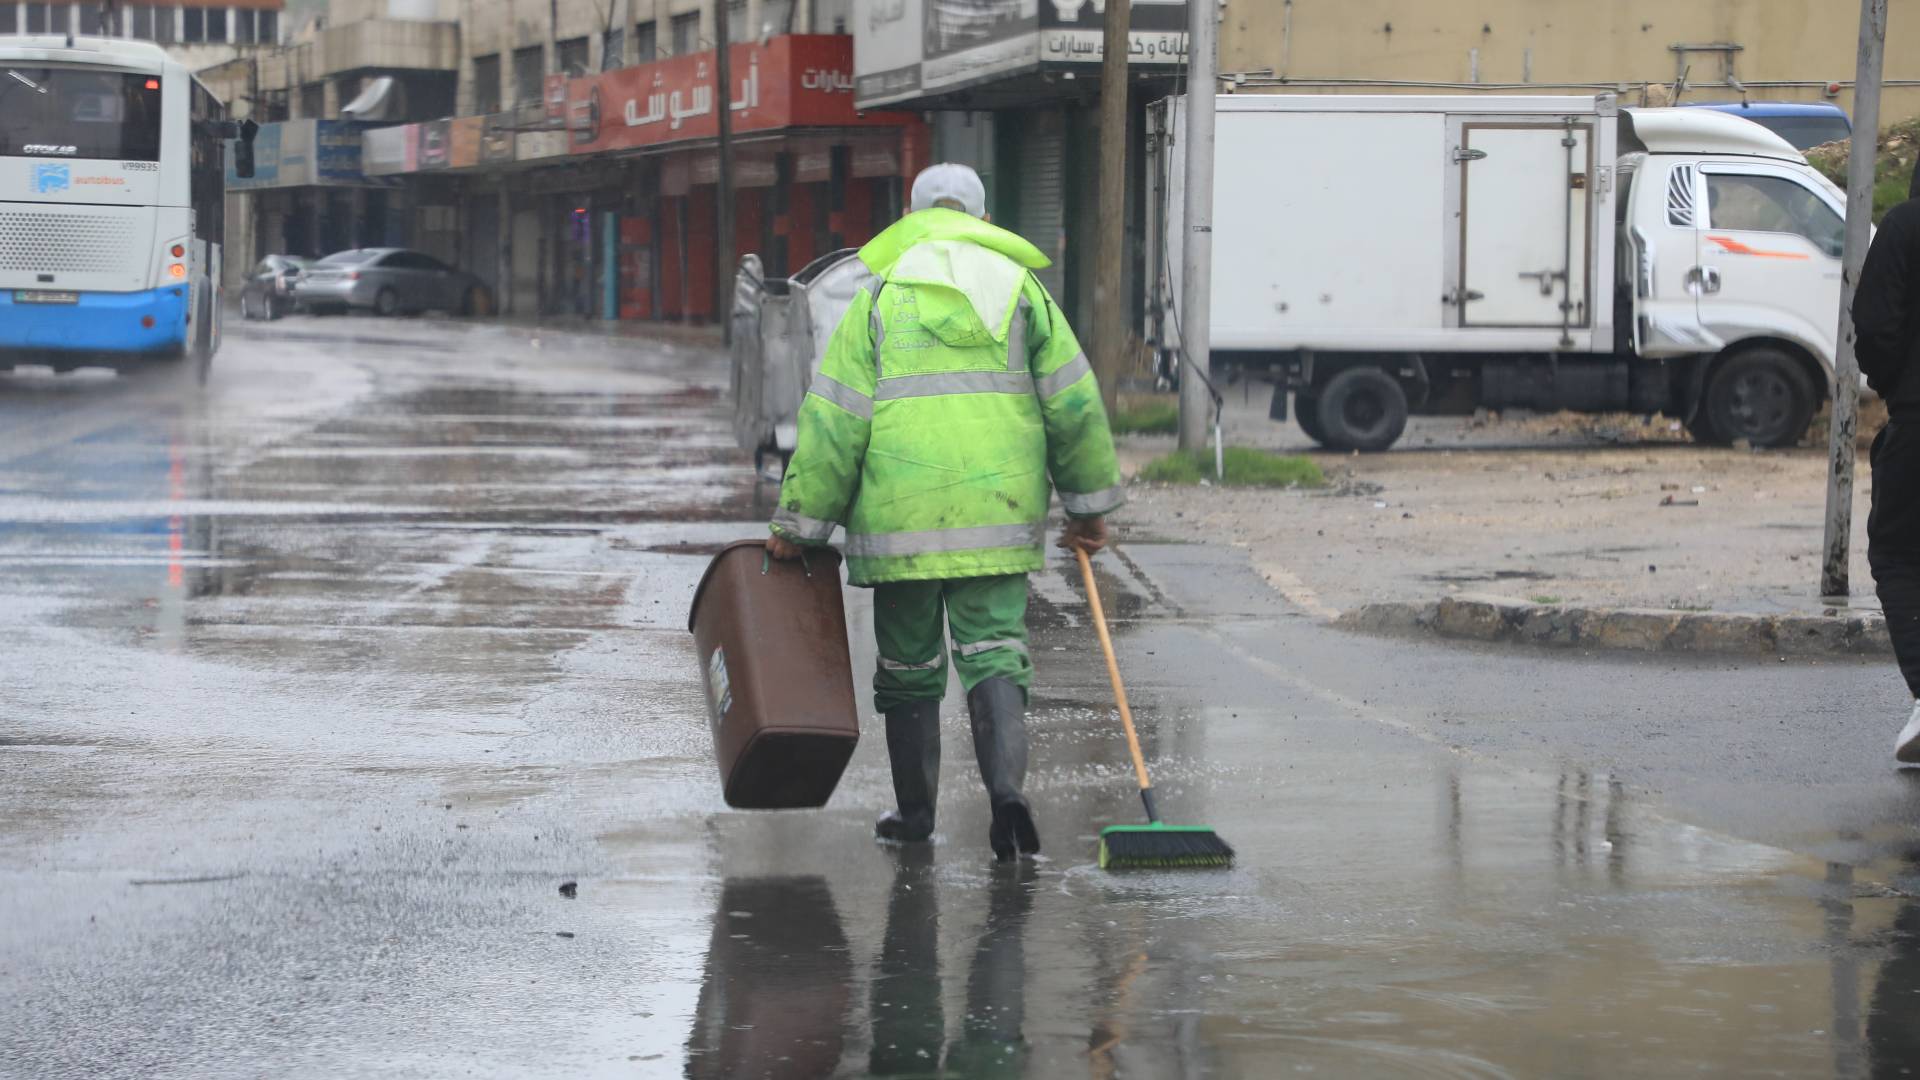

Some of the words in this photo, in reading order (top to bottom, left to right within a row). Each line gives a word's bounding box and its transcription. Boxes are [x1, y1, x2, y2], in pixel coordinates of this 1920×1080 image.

[1050, 35, 1094, 58] سيارات
[802, 67, 854, 93] يارات
[23, 144, 78, 155] OTOKAR
[122, 161, 158, 172] V99935
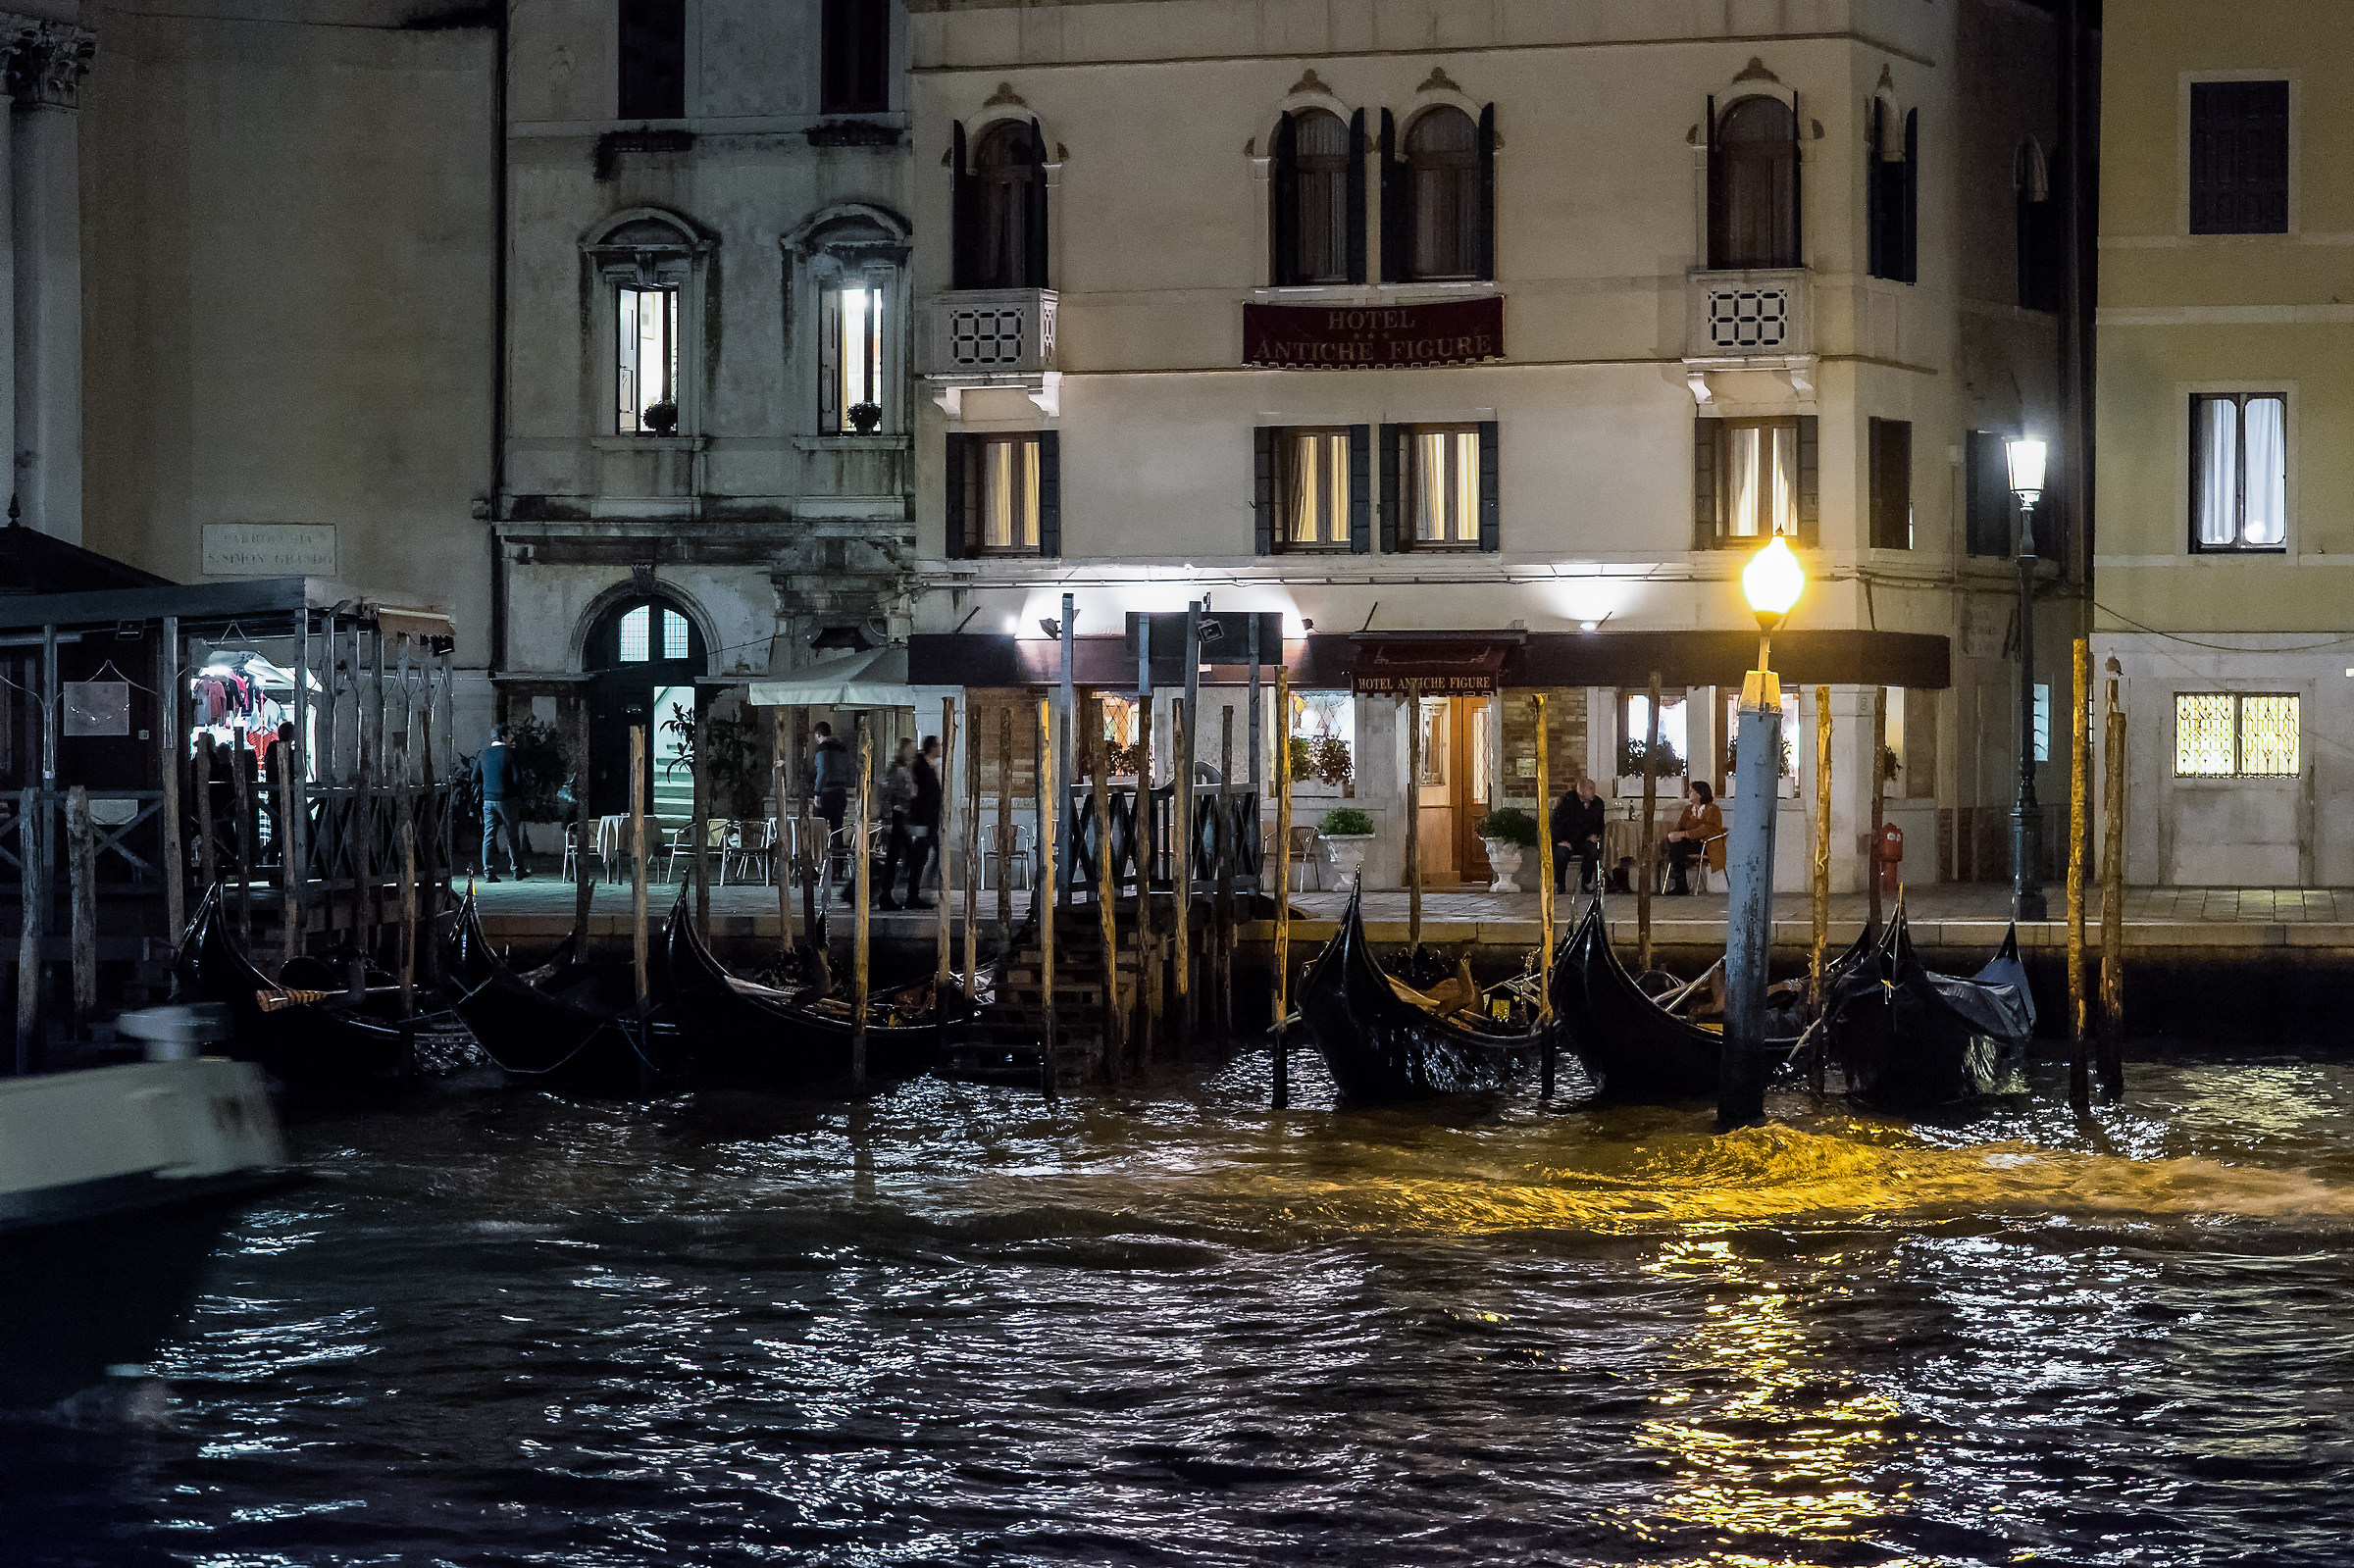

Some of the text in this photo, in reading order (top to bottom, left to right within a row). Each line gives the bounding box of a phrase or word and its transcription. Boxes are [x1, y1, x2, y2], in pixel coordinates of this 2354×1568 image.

[1327, 310, 1415, 330] HOTEL
[1254, 334, 1492, 361] ANTICHE FIGURE
[1358, 678, 1393, 689] HOTEL
[1450, 677, 1490, 688] FIGURE
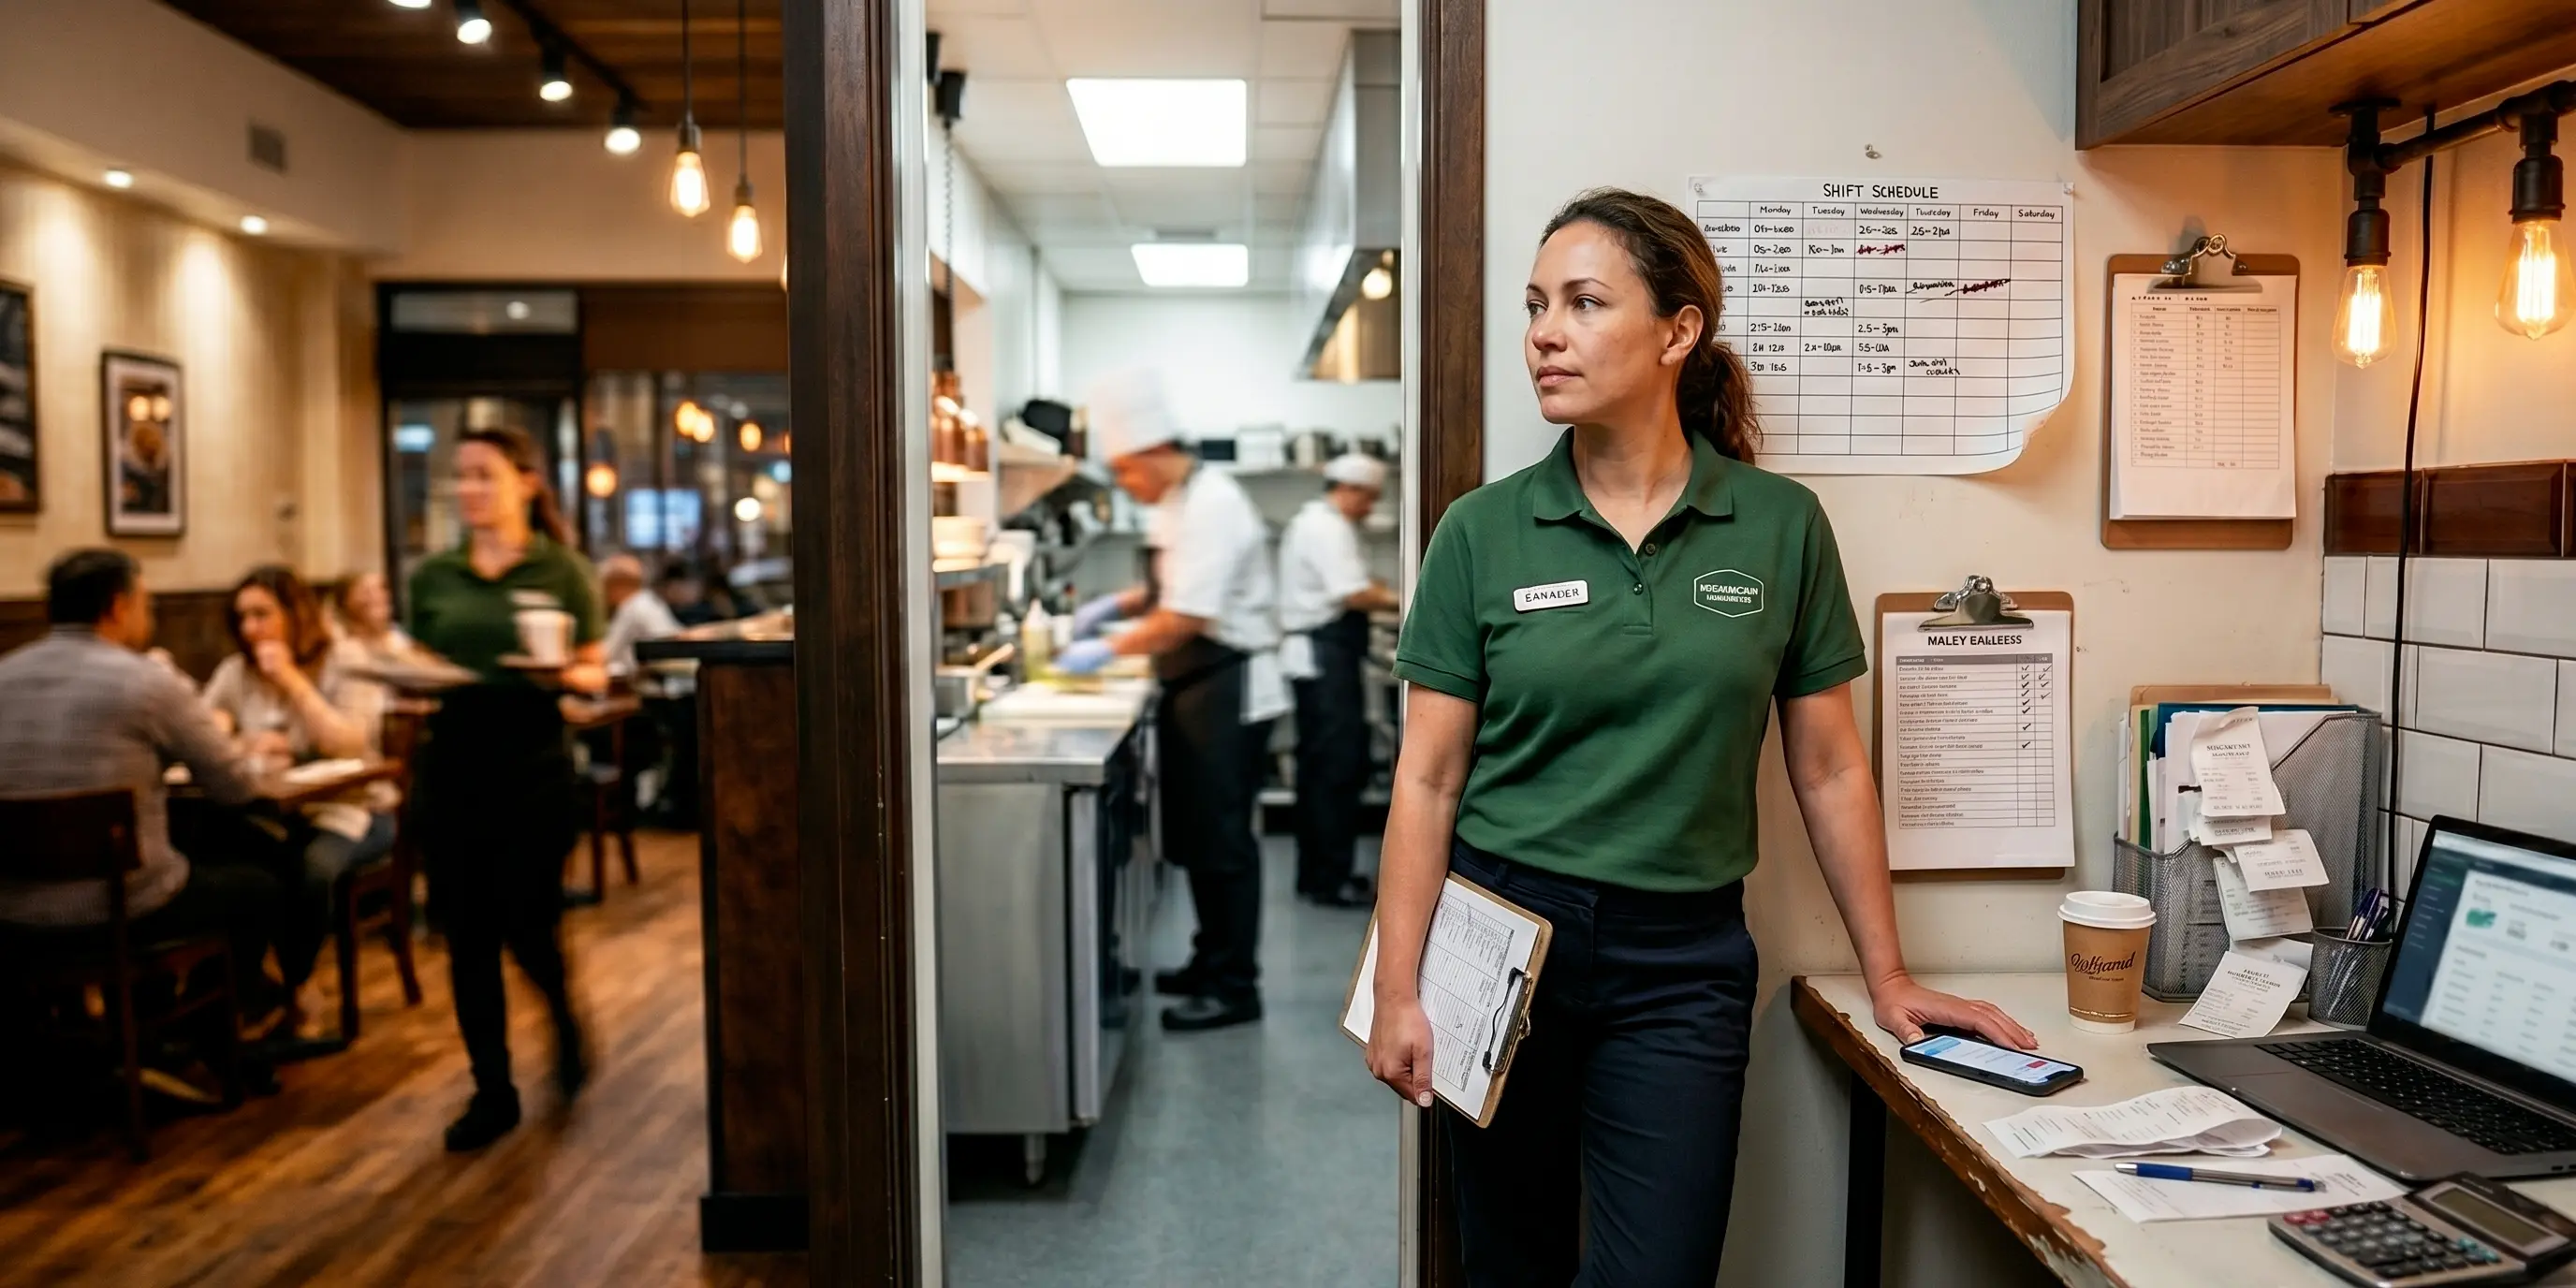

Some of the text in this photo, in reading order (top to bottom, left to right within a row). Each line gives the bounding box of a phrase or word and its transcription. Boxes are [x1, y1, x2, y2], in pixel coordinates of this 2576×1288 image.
* * * * * * * * *
:: PROBLEM STATEMENT ::
Retype the records verbatim, but not their images.

:: ANSWER BOX ::
Some of the words in this photo, in reading order (top to bottom, left to right within a row). Each line gives a word's bounding box and its transcription. Boxes are [x1, y1, x2, y2], in pixel coordinates of this 1920×1080 image.

[1050, 35, 1094, 58] سيارات
[802, 67, 854, 93] يارات
[23, 144, 78, 155] OTOKAR
[122, 161, 158, 172] V99935

Some of the text in this photo, in reading order (top to bottom, left to right within a row). Each line gives the bounding box of a phrase or word and its transcription. Boxes are [x1, y1, x2, y2], in pixel coordinates of this 2354×1568 image.

[1327, 310, 1415, 330] HOTEL
[1254, 334, 1492, 361] ANTICHE FIGURE
[1358, 678, 1393, 689] HOTEL
[1450, 677, 1490, 688] FIGURE

Some of the text in this photo, in reading order (top to bottom, left to right within a row). Each line gives the bounding box of a phrase or word and its transcription. Boxes are [x1, y1, x2, y2], in pixel coordinates of this 2576×1288 image.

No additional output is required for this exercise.